TASK
The entries below should be set down again exactly, with every picture left out.

(Saved data entries)
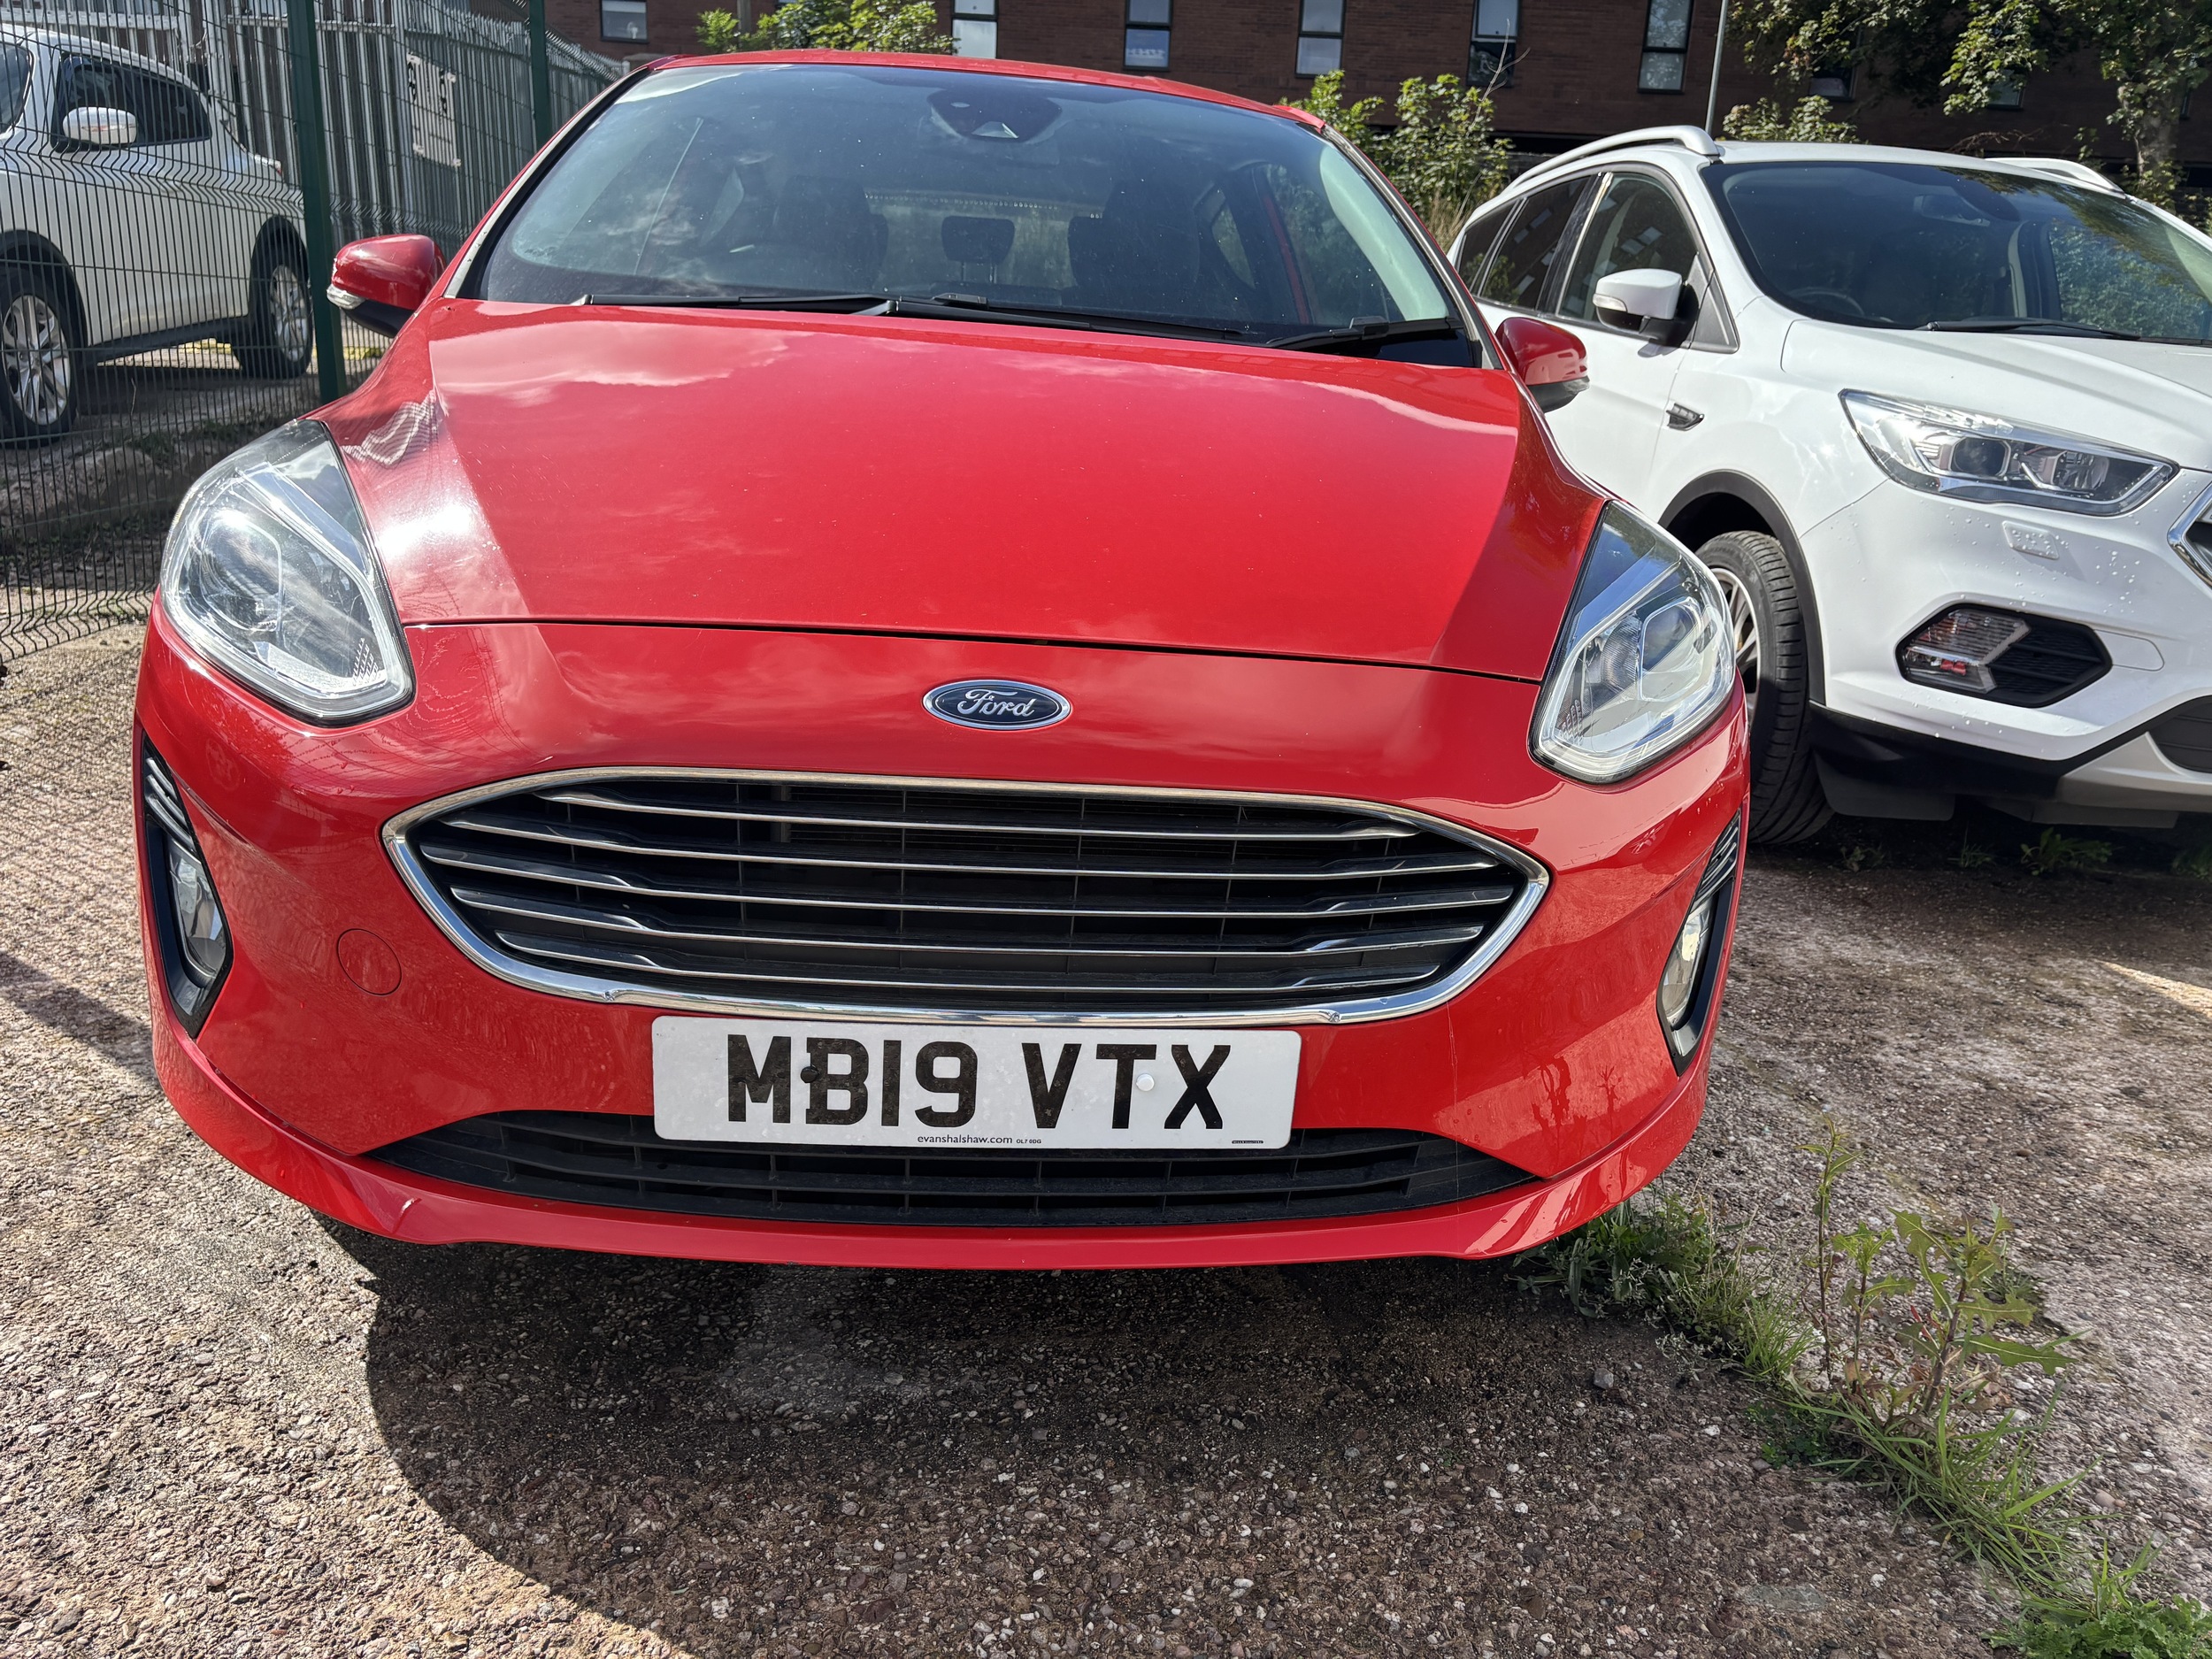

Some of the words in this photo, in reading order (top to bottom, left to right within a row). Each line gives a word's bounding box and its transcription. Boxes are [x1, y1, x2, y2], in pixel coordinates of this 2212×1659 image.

[956, 688, 1036, 718] Ford
[727, 1033, 978, 1127] MB19
[1021, 1042, 1232, 1130] VTX
[917, 1134, 1013, 1144] evanshalshaw.com
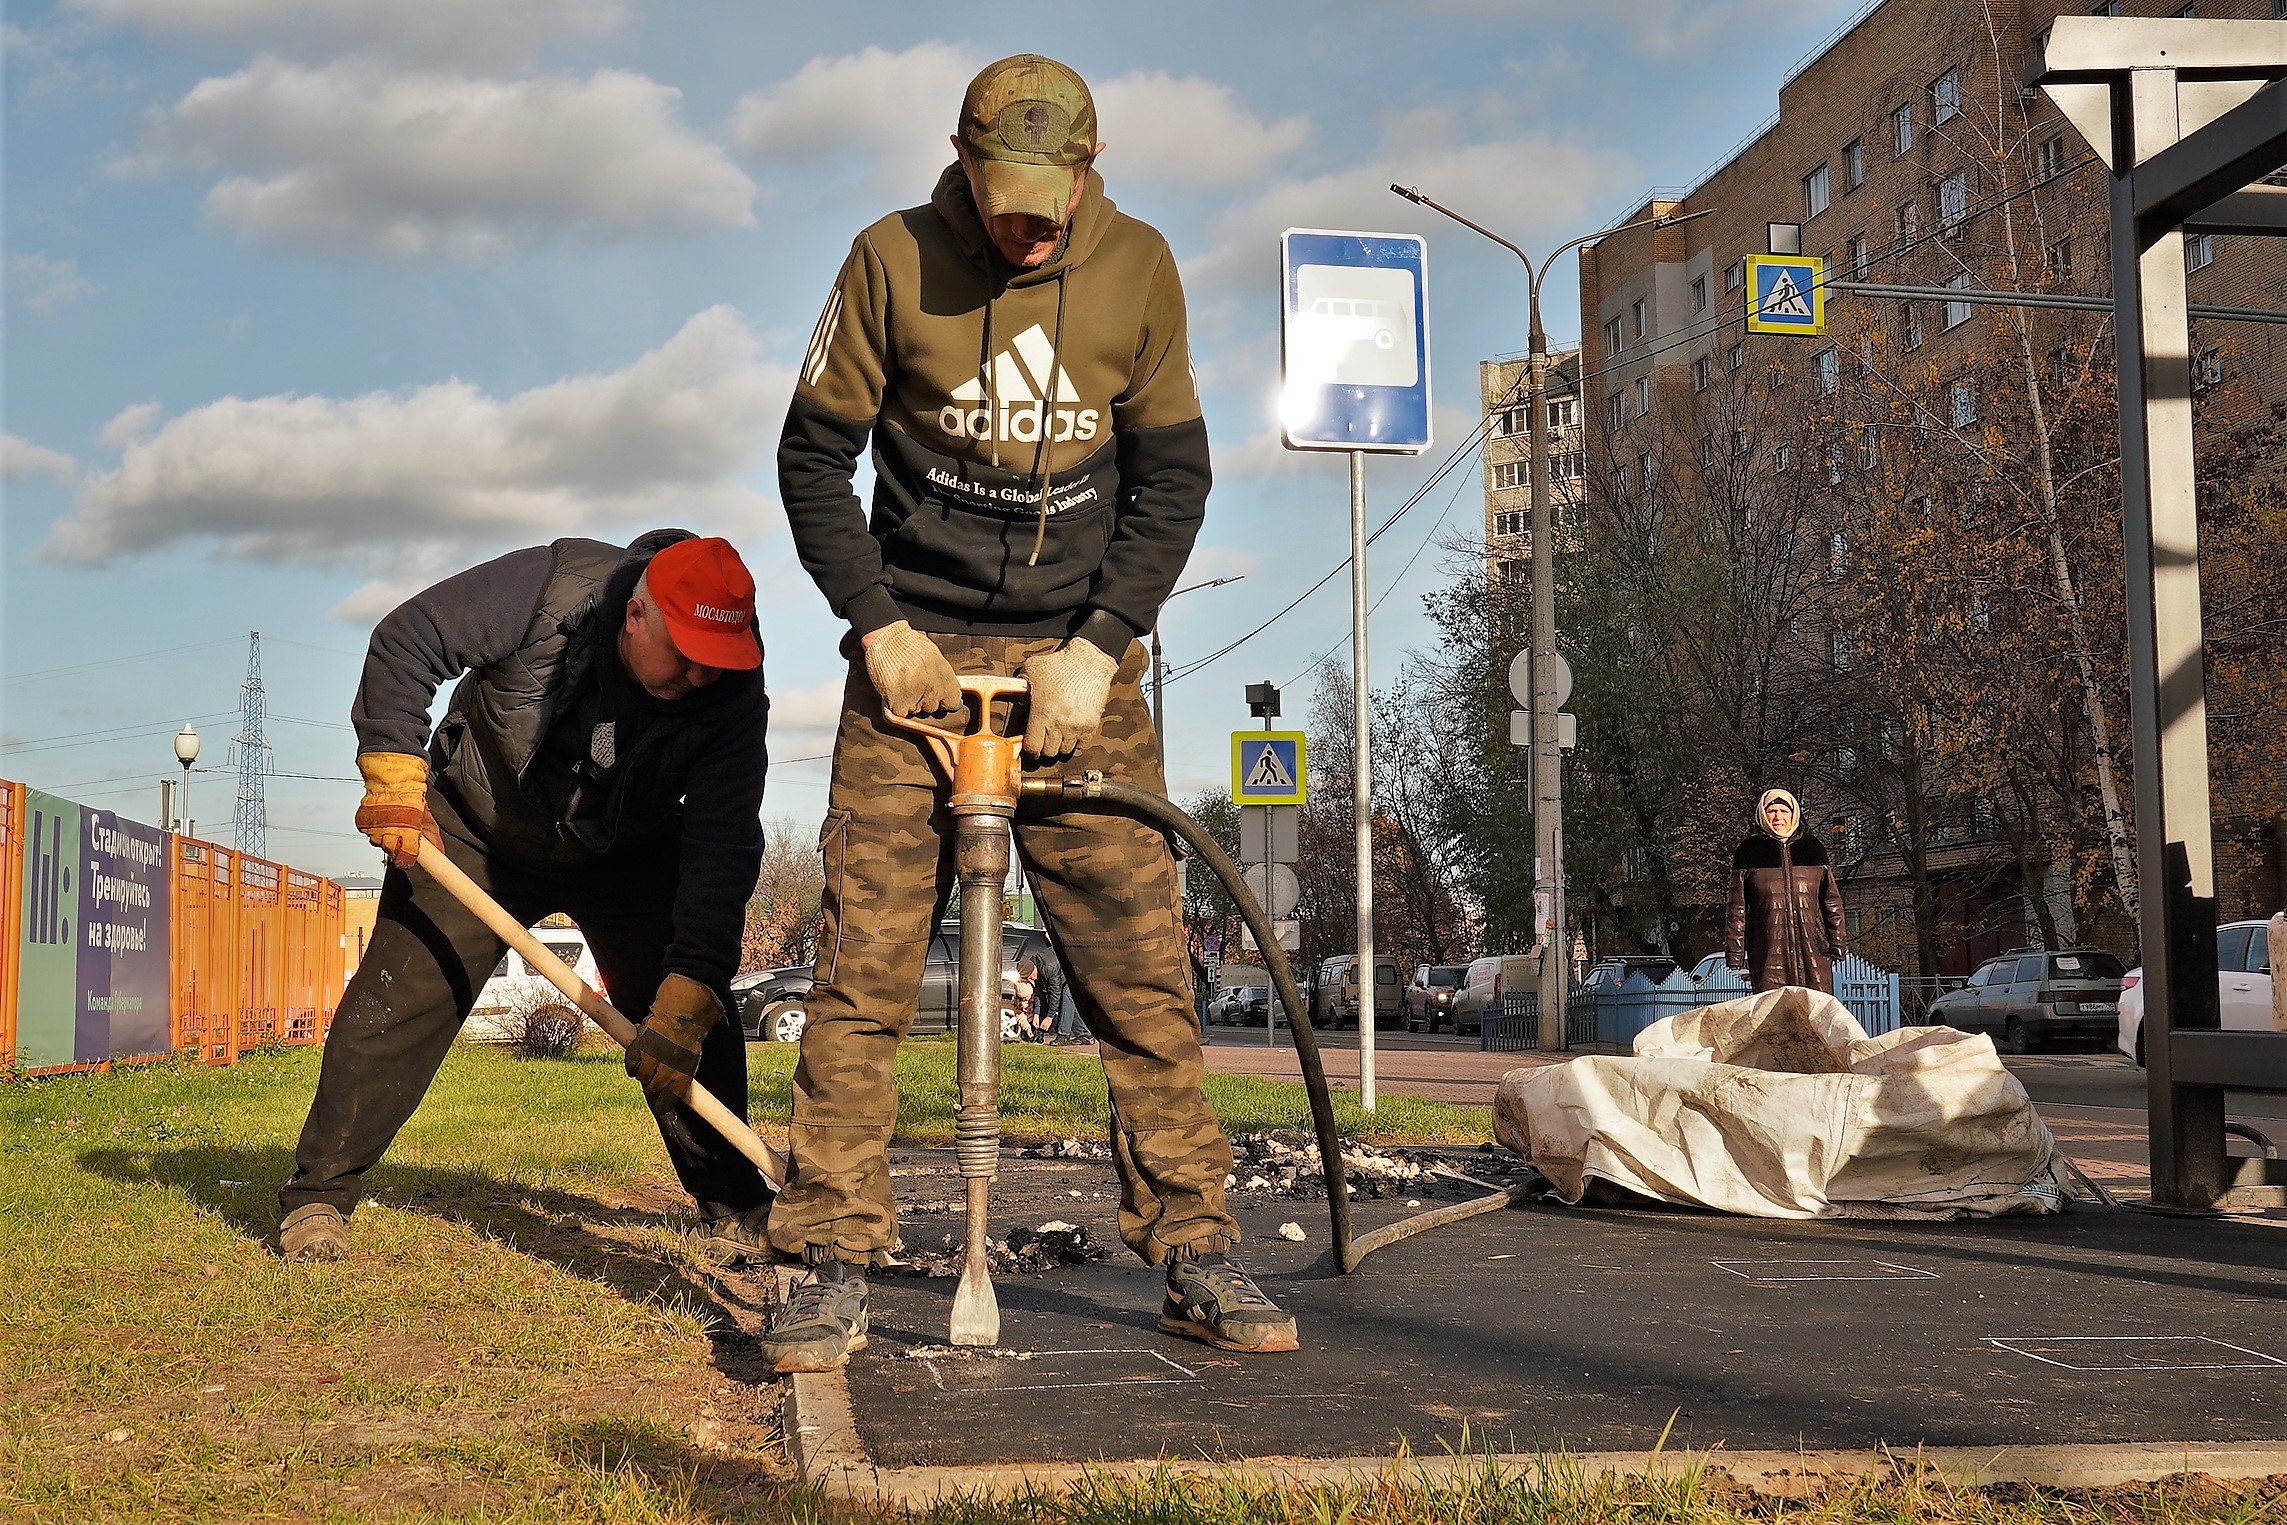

TASK OUTPUT
Some of the words in this photo, in reading order (top to bottom, left to right within a row). Each line gives a word's bounding box and its transcription. Boxes are [x1, y1, x2, y2], in pixel coordinates of this 2212×1659 image.

[956, 688, 1036, 718] Ford
[727, 1033, 978, 1127] MB19
[1021, 1042, 1232, 1130] VTX
[917, 1134, 1013, 1144] evanshalshaw.com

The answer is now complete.